[Saved data entries]
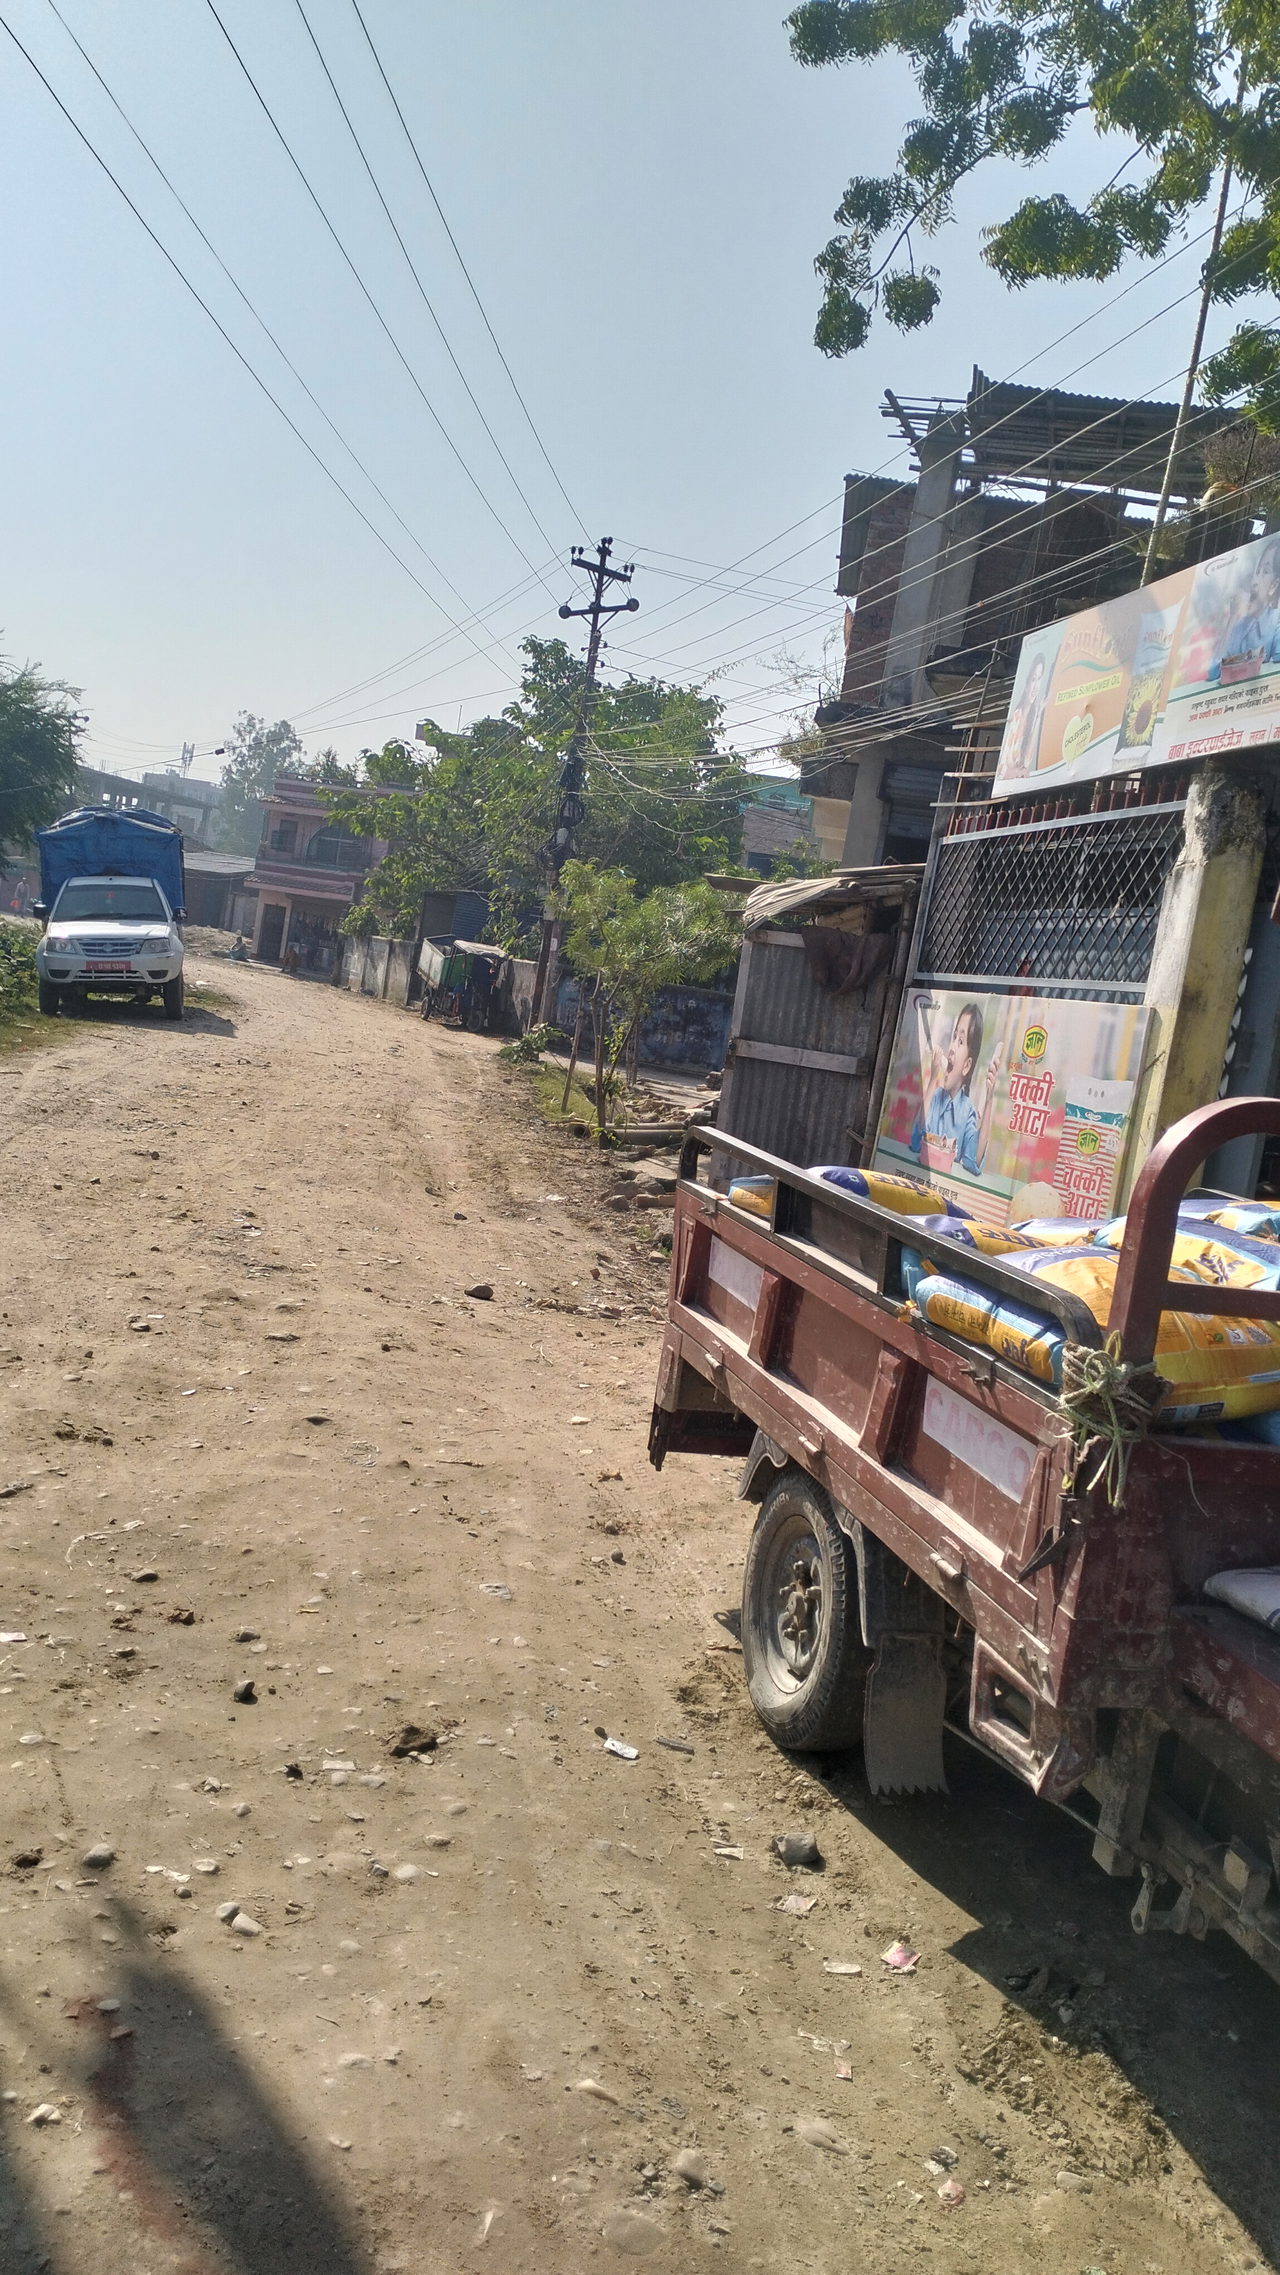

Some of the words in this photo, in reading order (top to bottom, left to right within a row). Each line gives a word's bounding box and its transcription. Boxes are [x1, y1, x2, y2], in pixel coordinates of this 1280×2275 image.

[1009, 1071, 1055, 1107] चक्की
[1009, 1103, 1051, 1137] आटा
[1063, 1166, 1105, 1196] चक्की
[1065, 1191, 1103, 1220] आटा
[925, 1387, 1030, 1496] CARGO

§ **Work required**
What you hand back should match the entries above exactly, except that no picture appears.

§ **Answer area**
Some of the words in this photo, in reading order (top to bottom, left to right within a row). Each line gives a word's bounding box and its transcription. Boxes are [x1, y1, x2, y2], in pixel coordinates of this 1280×2275 image.

[1009, 1071, 1055, 1107] चक्की
[1009, 1103, 1051, 1137] आटा
[1063, 1166, 1105, 1196] चक्की
[1065, 1191, 1103, 1220] आटा
[925, 1387, 1030, 1496] CARGO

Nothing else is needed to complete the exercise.